Note: The HSIC method has an infinite range whereas the CKA and KA methods will have a range between 0 and 1. In my personal experience, I've yet to see HSIC values go past 0.11 so I will use that as an upper bound for the visualization.
Plot Function¶
def plot_gamma_grid(grid_df: pd.DataFrame, scorer: str, dataset: str, ax: Optional=None):
if ax is None:
fig, ax = plt.subplots(figsize=(8,6.5))
# ===========================================
# Plot Gridded DataFrame
# ===========================================
# subset hsic method
grid_df_ = grid_df[grid_df['scorer'] == scorer].drop('scorer', axis=1)
# subset dataset
grid_df_ = grid_df_[grid_df_['dataset'] == dataset].drop('dataset', axis=1)
# create a heatmap
grid_df_ = pd.pivot_table(grid_df_, values='score', index=['sigma_Y'], columns='sigma_X')
# print(grid_df_)
# min max
if scorer == 'hsic':
vmax = 0.11
else:
vmax = 1.0
# heatmap_data.columns = np.sqrt(1 / 2 * heatmap_data.columns.values)
# heatmap_data.index = np.sqrt(1 / 2 * heatmap_data.index.values)
pts = sns.heatmap(
data=grid_df_,
xticklabels=grid_df_.columns.values.round(decimals=2),
yticklabels=grid_df_.index.values.round(decimals=2),
vmin=0, vmax=vmax, ax=ax
)
return fig, ax
Line Dataset¶
scorers = results_df['scorer'].unique().tolist()
idataset = 'line'
for iscorer in scorers:
fig, ax = plot_gamma_grid(results_df, scorer=iscorer, dataset=idataset)

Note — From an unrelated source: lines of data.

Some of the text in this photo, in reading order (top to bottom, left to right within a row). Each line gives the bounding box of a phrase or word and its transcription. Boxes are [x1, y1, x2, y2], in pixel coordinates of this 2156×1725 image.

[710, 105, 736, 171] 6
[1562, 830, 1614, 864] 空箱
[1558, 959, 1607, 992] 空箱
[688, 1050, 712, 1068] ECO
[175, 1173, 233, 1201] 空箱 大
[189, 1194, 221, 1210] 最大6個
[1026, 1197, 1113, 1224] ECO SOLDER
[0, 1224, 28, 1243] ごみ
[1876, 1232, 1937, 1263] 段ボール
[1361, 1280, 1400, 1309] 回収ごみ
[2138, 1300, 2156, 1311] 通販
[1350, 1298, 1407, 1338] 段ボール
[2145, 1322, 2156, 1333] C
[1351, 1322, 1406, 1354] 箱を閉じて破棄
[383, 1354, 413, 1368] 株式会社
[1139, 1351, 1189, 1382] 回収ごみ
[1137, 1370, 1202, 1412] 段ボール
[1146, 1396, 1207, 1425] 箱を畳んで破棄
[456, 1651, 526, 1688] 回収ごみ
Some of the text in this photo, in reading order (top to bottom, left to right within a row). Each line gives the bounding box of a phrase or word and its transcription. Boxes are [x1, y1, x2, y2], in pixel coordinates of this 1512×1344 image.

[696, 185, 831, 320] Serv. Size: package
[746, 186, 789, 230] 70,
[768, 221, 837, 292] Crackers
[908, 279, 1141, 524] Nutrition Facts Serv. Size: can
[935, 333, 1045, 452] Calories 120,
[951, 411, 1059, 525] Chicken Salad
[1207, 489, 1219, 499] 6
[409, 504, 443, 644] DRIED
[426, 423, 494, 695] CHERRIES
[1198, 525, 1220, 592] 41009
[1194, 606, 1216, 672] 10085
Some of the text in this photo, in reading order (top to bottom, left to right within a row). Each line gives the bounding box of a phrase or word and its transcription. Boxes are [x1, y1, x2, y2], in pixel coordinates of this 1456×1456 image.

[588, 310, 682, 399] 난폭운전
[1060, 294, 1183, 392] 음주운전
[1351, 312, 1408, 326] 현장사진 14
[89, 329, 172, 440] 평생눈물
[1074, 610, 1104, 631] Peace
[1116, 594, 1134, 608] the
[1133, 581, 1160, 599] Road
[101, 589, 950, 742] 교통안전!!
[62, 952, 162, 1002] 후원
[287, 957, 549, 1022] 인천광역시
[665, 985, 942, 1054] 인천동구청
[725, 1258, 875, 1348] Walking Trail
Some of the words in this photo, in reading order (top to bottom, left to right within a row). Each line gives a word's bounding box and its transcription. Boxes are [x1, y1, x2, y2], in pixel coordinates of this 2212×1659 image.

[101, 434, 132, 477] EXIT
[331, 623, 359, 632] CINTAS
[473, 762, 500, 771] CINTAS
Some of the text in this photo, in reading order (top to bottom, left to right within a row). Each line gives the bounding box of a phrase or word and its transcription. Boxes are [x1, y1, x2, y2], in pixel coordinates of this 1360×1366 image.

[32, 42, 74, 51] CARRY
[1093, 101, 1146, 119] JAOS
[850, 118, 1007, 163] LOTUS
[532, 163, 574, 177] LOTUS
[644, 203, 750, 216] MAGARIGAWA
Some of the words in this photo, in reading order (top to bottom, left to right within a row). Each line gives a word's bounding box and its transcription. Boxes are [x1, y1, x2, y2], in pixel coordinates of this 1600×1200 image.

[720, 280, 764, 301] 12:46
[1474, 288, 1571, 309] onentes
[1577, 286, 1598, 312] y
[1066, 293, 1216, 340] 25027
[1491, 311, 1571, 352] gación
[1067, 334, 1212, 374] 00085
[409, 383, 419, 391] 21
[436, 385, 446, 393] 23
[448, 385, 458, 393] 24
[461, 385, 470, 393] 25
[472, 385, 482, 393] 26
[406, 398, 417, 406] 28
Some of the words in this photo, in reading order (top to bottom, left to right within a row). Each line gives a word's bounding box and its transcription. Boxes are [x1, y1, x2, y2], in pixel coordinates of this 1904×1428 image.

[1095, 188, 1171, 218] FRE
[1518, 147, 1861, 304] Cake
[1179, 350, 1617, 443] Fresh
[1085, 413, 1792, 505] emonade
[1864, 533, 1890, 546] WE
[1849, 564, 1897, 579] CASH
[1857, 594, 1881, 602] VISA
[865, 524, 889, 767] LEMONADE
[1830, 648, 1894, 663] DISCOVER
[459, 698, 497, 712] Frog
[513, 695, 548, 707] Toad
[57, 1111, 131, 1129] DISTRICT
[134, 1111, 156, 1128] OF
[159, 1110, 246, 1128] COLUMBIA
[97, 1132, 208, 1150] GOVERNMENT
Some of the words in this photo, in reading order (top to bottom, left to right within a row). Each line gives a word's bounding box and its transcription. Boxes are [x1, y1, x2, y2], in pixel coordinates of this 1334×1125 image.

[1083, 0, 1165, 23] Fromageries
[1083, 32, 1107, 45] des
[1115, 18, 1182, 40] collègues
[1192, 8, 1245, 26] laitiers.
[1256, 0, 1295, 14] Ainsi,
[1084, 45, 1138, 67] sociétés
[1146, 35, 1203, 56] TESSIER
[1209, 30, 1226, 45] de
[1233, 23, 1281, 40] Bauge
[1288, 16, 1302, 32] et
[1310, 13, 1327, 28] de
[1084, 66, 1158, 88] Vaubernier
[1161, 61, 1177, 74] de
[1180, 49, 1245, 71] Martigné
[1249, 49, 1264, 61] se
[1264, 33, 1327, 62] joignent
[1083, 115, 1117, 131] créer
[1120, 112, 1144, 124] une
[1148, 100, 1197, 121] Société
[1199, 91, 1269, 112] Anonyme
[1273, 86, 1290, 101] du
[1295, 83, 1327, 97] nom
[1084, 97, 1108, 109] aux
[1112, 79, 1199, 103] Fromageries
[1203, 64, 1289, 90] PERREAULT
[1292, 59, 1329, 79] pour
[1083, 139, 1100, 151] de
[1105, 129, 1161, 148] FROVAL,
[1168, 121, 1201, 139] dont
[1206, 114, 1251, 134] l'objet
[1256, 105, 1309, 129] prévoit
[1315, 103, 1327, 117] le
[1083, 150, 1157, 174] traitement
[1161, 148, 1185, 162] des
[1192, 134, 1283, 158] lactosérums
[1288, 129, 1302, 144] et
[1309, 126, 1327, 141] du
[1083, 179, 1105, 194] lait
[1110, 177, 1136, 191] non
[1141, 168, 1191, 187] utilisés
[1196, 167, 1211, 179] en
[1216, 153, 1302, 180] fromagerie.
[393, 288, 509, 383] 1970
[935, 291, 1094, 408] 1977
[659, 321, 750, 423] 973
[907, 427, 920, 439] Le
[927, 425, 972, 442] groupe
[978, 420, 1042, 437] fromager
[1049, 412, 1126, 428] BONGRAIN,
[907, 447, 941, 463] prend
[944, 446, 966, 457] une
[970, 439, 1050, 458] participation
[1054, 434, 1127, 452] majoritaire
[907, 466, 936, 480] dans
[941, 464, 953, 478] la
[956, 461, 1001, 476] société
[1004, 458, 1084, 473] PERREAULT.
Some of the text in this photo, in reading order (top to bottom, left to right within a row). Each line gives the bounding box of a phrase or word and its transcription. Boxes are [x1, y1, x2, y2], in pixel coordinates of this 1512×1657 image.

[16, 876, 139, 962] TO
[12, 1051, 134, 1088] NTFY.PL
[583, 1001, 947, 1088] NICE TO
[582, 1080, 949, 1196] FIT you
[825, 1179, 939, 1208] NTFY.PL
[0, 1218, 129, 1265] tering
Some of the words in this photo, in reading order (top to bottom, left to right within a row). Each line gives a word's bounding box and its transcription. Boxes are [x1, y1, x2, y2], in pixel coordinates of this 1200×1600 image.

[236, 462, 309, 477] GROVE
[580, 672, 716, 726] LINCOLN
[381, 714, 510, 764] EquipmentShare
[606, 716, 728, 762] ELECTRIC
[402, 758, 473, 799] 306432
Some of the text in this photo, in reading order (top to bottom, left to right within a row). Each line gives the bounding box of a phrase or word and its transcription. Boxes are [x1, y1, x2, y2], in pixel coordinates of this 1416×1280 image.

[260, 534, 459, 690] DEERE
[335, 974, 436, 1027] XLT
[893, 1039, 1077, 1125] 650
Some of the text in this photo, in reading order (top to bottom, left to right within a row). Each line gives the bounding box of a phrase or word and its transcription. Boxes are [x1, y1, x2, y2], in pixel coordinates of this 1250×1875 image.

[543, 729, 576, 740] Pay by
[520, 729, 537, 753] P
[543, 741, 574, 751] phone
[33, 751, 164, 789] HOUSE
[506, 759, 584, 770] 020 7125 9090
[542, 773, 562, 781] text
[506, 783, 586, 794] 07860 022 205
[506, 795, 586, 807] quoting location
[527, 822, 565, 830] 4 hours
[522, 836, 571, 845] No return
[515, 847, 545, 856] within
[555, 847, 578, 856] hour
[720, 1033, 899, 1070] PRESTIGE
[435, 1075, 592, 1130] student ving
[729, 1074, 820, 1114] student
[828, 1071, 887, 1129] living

# ax.legend(ncol=1, fontsize=15)
ax.set_xlabel(r'$\sigma_X$', fontsize=20)
ax.set_ylabel(r'$\sigma_Y$', fontsize=20)
ax.set_title(f'{iscorer.upper()} Score, {idataset.capitalize()}', fontsize=20)
plt.tight_layout()
plt.show()
Sine Dataset¶
idataset = 'sine'
for iscorer in scorers:
fig, ax = plot_gamma_grid(results_df, scorer=iscorer, dataset=idataset)
# ax.legend(ncol=1, fontsize=15)
ax.set_xlabel(r'$\sigma_X$', fontsize=20)
ax.set_ylabel(r'$\sigma_Y$', fontsize=20)
ax.set_title(f'{iscorer.upper()} Score, {idataset.capitalize()}', fontsize=20)
plt.tight_layout()
plt.show()
Circle Dataset¶
idataset = 'circle'
for iscorer in scorers:
fig, ax = plot_gamma_grid(results_df, scorer=iscorer, dataset=idataset)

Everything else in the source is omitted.